[Supplied material — start]

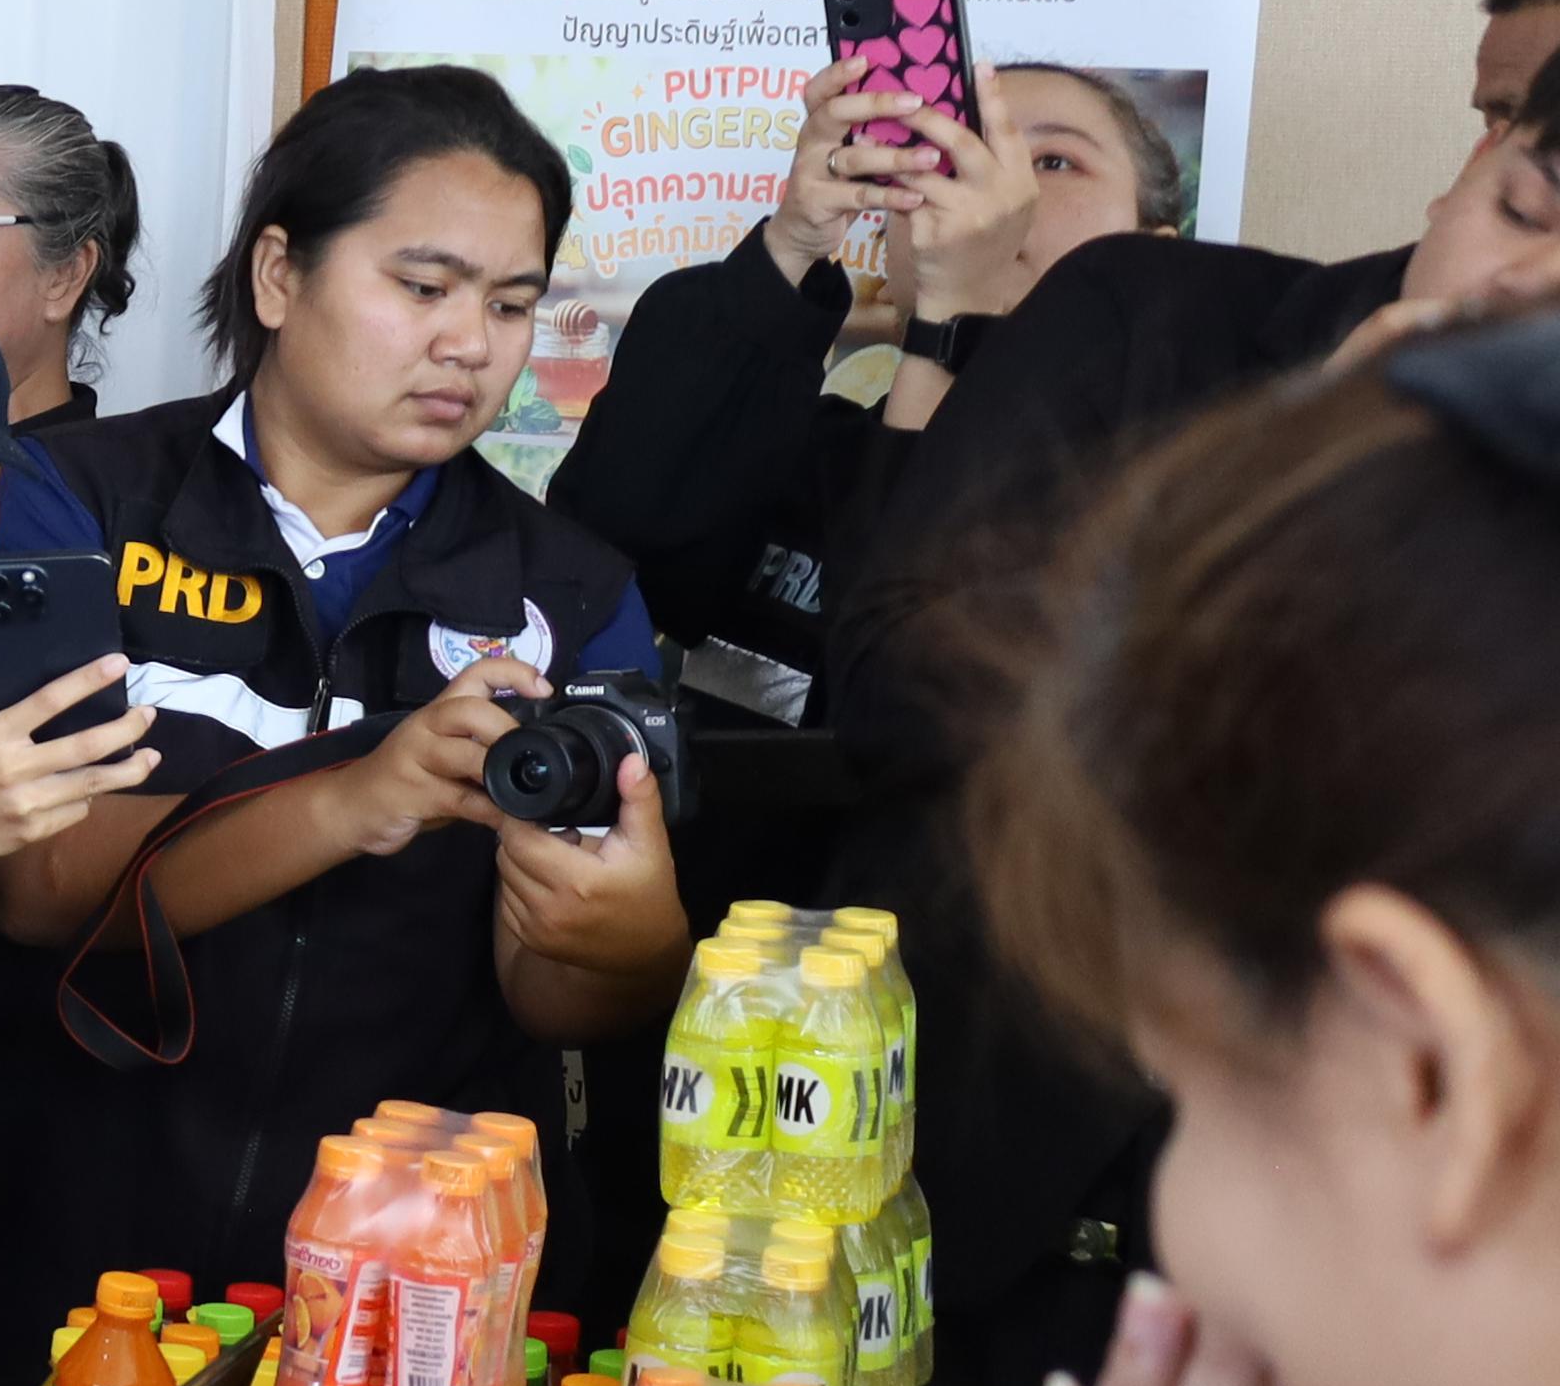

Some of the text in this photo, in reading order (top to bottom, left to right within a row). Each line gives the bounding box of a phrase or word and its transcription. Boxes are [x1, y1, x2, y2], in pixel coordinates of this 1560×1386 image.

[561, 11, 832, 52] ปัญญาประดิษฐ์เพื่อตลา
[664, 65, 811, 103] PUTPUR
[601, 105, 801, 158] GINGERS
[116, 540, 264, 625] PRD
[564, 683, 605, 697] Canon
[644, 716, 667, 727] EOS
[775, 1072, 821, 1126] MK
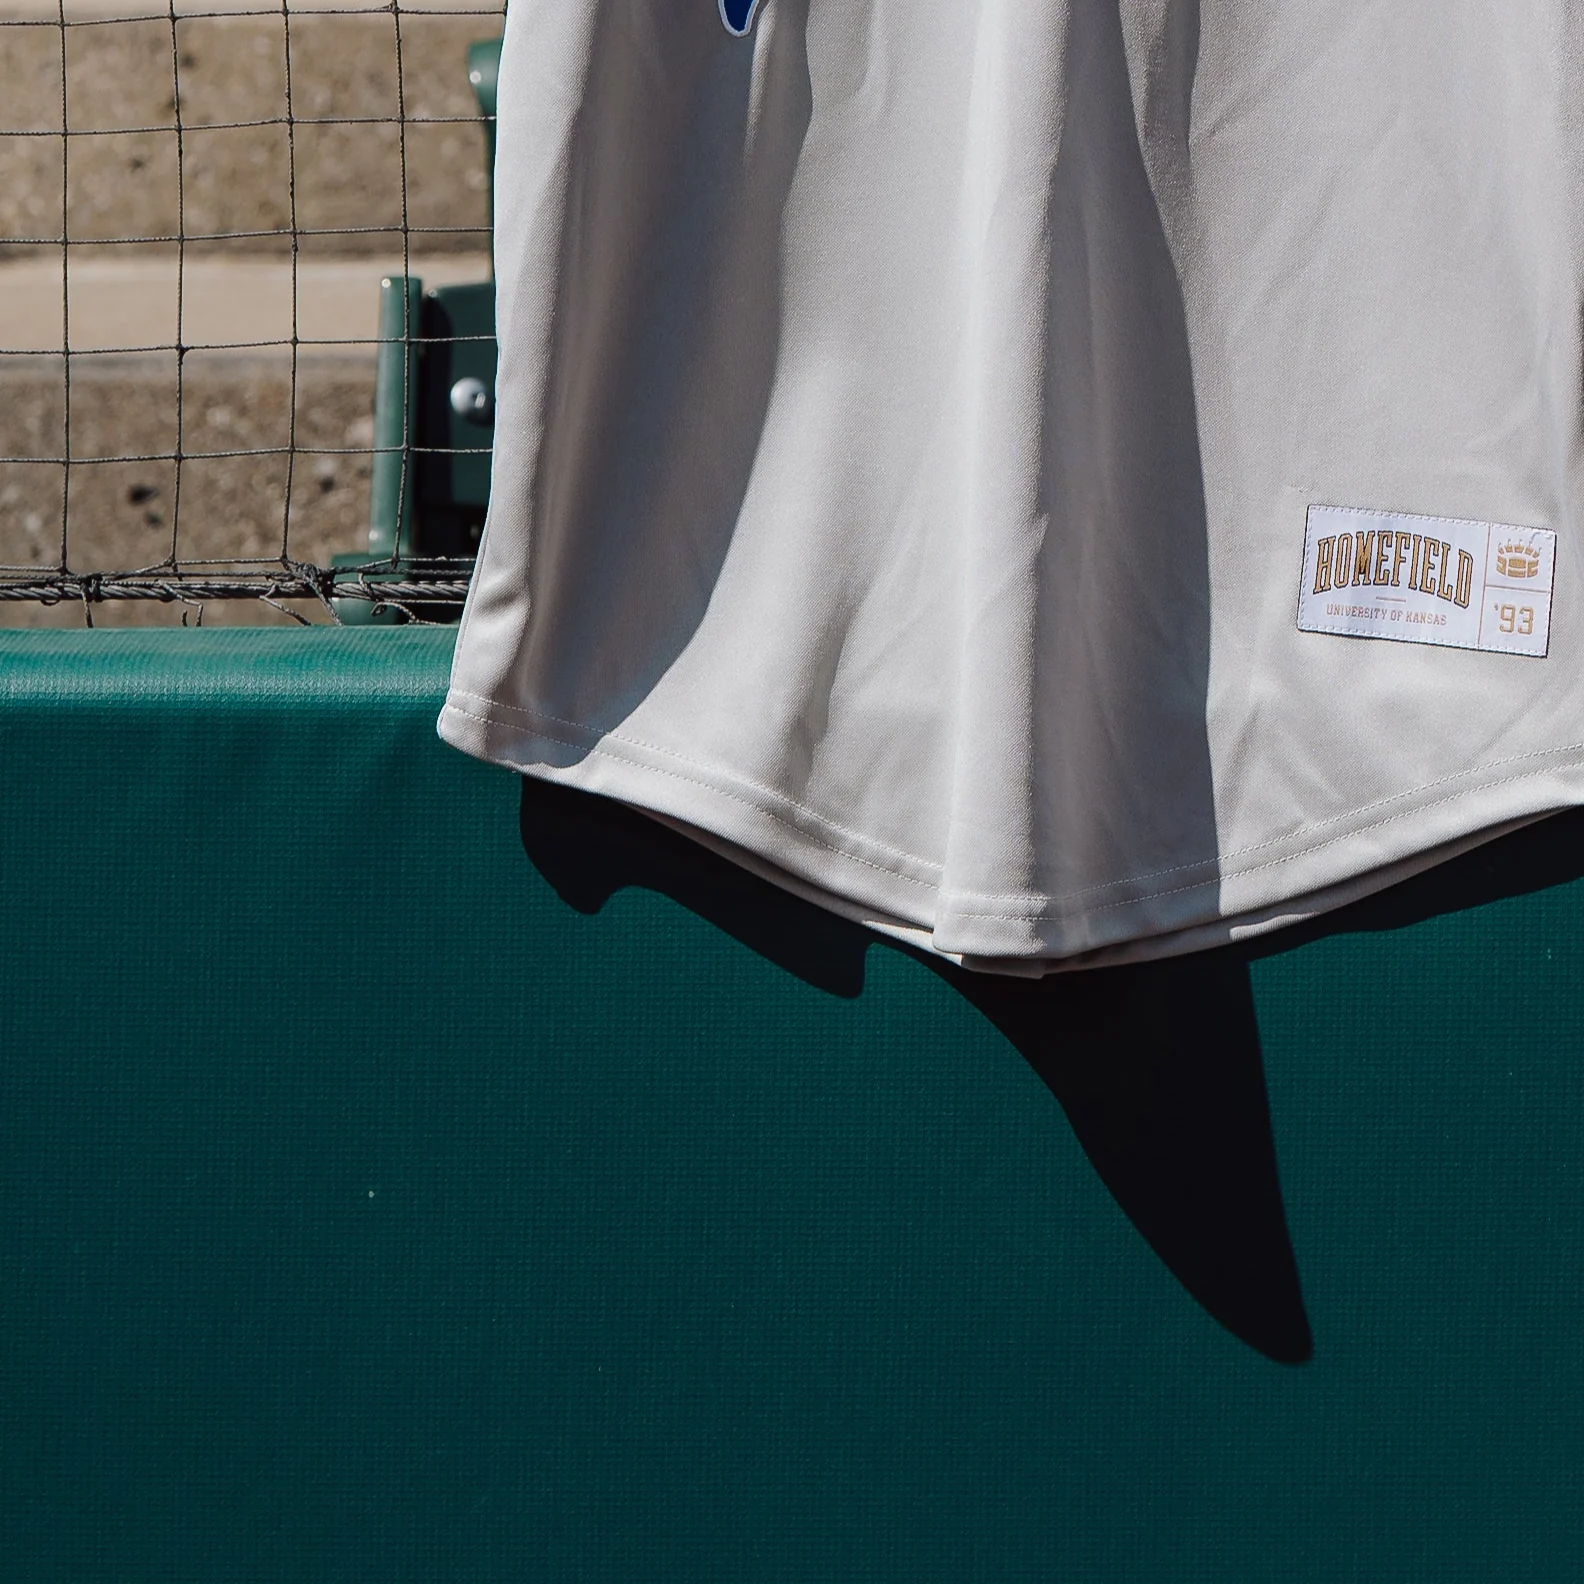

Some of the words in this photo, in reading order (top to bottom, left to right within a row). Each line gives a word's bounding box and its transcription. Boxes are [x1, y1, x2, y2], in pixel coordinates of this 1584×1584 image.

[1312, 530, 1474, 609] HOMEFIELD
[1326, 604, 1388, 621] UNIVERSITY
[1391, 610, 1404, 622] OF
[1405, 611, 1447, 626] KANSAS

[Supplied material — finish]

Respond with an exact reproduction of the lines running from the one that contains "Some of the words" through the end of the material.

(Solution to this problem)
Some of the words in this photo, in reading order (top to bottom, left to right within a row). Each line gives a word's bounding box and its transcription. Boxes are [x1, y1, x2, y2], in pixel coordinates of this 1584×1584 image.

[1312, 530, 1474, 609] HOMEFIELD
[1326, 604, 1388, 621] UNIVERSITY
[1391, 610, 1404, 622] OF
[1405, 611, 1447, 626] KANSAS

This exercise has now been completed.